According to a study published in Psychiatry Research, 90% of depressed patients participating in the survey reported severe fatigue, making it a prevalent symptom. The worst part is that 81% of those patients were already on antidepressants, which can further increase the fatigue symptom. If you fear that you may have severe depression, speak to your primary care physician immediately and see if you can get help in treating your depression, especially if one of your symptoms is extreme fatigue.


2. Being Overweight or Underweight

There is no such thing as the perfect body; everyone is different in their own way, and trying to meet a certain standard in terms of weight or looks isn’t going to make you more healthy. However, being overweight or underweight can impact levels of fatigue. That isn’t to say that you have to meticulously meet some magic weight number to be cured; instead, you should strive to be a healthy weight that doesn’t cause fatigue.

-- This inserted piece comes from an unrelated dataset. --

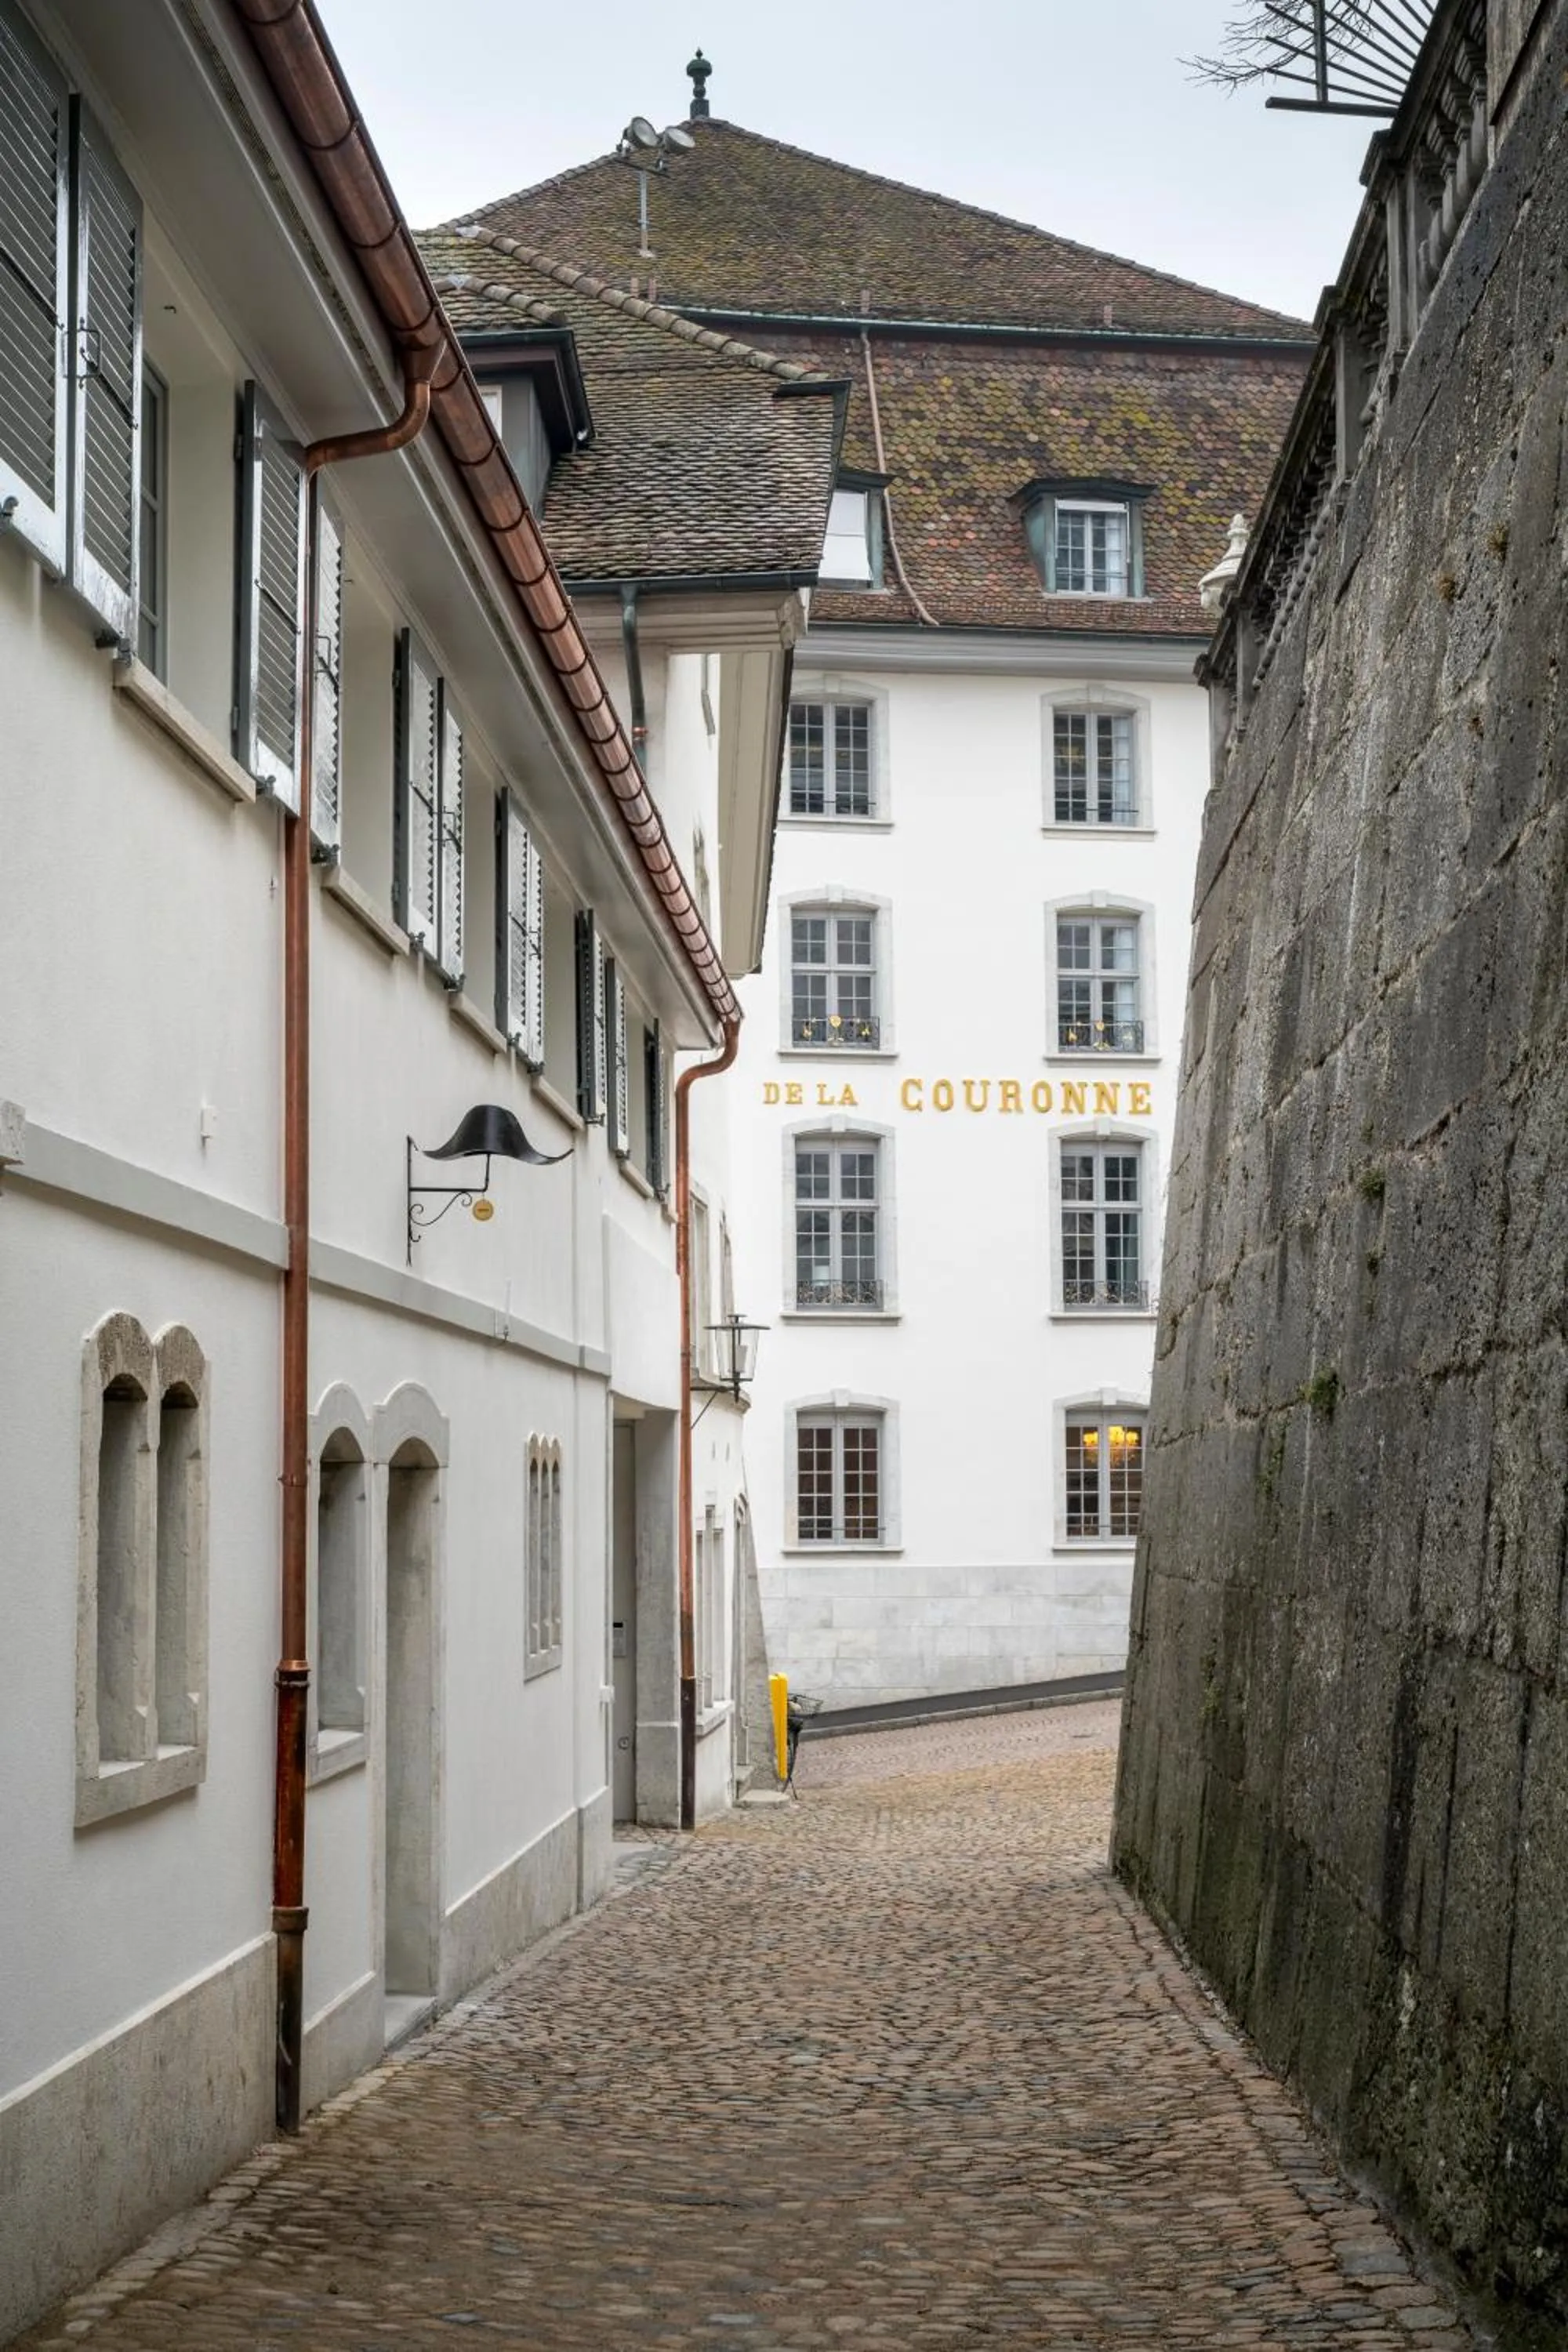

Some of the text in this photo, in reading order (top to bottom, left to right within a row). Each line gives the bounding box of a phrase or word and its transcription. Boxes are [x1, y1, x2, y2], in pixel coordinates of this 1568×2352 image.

[763, 1078, 1152, 1115] DE LA COURONNE

Being overweight can increase conditions such as fatigue because it also increases the risks of diabetes and sleep apnea. Carrying more weight than your body can handle leads to more joint and muscle pain, making fatigue worse. Being underweight can also lead to fatigue because there is not enough fuel for the body to function. It could be due to eating disorders, cancer, an overactive thyroid, or other chronic diseases that can cause dramatic weight loss.


1. Poor Nutrition

Eating right can play a big part in your energy levels, which means having a nutritionally-sound diet. Just as if you put the wrong kind of fuel in your car, if you eat the wrong type of food, it will stop working properly, which can leave you feeling more tired than you should. Fried foods, processed grains, and foods with a lot of added sugar will overload your body with more calories than they need, forcing it to work overtime to break down these foods and leaving you feeling tired in the process.

Having too much caffeine and alcohol in your diet is also bad for energy levels because they interrupt your natural waking cycle. Invest your time in healthier foods that aren’t fried and have more dietary fiber to get your metabolic rates back in balance. Simple adjustments to your diet can provide you with a surprising boost to your energy levels and allow you to get more done during your day.